All that she was clear about, and which she had telegraphed to Aden, was, that there must be no going back to Silverfold for the present, and she was prepared to begin lodging-hunting as soon as she received an answer.
'And how have you got on?' she asked, thinking all looked rather blank.
'We haven't been to see Fly,' broke out Valetta, 'though she went out on the beach, and Mysie must not stay out after dark, for fear she should cough.'
'Mysie
says they are afraid of excitement,' said Gillian gloomily.
'Then you have seen nothing of the others?'
'Yes, I have seen Victoria, said Aunt Adeline, with a meaning smile.
Miss Mohun went up to take off her things, and Gillian followed her, shutting the door with ominous carefulness, and colouring all over.
'Aunt Jane, I ought to tell you. A dreadful thing has happened!'
'Indeed, my dear! What?'
'I have had a valentine.'
'Oh!' repressing a certain inclination to laugh at the bathos from the look of horror and shame in the girl's eyes.
'It is from that miserable Alexis! Oh, I know I brought it on myself, and I have been so wretched and so ashamed all day.'
'Was it so very shocking! Let me see-'
'Oh! I sent it back at once by the post, in an envelope, saying, "Sent by mistake."'
'But what was it like?
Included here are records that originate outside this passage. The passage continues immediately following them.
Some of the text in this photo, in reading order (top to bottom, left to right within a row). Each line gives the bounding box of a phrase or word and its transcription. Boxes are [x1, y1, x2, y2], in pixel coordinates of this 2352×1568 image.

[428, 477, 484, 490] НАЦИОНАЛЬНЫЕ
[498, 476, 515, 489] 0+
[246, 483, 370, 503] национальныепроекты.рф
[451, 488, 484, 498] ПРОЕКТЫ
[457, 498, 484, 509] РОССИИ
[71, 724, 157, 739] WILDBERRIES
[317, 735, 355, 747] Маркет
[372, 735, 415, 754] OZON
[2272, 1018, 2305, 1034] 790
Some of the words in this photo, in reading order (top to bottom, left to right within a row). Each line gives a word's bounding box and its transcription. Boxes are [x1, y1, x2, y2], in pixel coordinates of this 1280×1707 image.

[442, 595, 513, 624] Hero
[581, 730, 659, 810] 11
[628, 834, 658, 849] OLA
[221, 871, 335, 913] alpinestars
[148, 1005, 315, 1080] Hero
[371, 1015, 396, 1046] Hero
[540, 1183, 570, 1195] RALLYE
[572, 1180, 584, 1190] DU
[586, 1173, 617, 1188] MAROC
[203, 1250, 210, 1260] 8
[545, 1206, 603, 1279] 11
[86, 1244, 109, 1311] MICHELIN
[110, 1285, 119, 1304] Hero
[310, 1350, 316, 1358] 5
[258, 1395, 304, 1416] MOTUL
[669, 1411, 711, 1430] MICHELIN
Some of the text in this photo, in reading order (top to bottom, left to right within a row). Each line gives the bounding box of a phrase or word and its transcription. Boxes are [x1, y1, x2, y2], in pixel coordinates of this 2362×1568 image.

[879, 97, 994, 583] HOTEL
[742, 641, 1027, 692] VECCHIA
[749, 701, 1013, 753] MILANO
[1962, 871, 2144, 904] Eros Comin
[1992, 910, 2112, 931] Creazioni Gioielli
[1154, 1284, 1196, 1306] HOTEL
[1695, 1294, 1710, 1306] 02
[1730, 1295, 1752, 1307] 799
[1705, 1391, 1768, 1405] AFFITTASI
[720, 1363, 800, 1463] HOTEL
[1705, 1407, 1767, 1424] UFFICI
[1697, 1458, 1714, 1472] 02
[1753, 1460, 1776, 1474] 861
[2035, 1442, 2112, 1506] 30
Surely it was not one of the common shop things?'
'Oh no; there was rather a pretty outline of a nymph or muse, or something of that sort, at the top-drawn, I mean-and verses written below, something about my showing a lodestar of hope, but I barely glanced at it. I hated it too much.'
'I am sorry you were in such a hurry,' said Aunt Jane. 'No doubt it was a shock; but I am afraid you have given more pain than it quite deserved.'
'It was so impertinent!' cried Gillian, in astonished, shame-stricken indignation.
'So it seems to you,' said her aunt, 'and it was very bad taste; but you should remember that this poor lad has grown up in a stratum of society where he may have come to regard this as a suitable opportunity of evincing his gratitude, and perhaps it may be very hard upon him to have this work of his treated as an insult.'
'But you would not have had me keep it and tolerate it?' exclaimed Gillian.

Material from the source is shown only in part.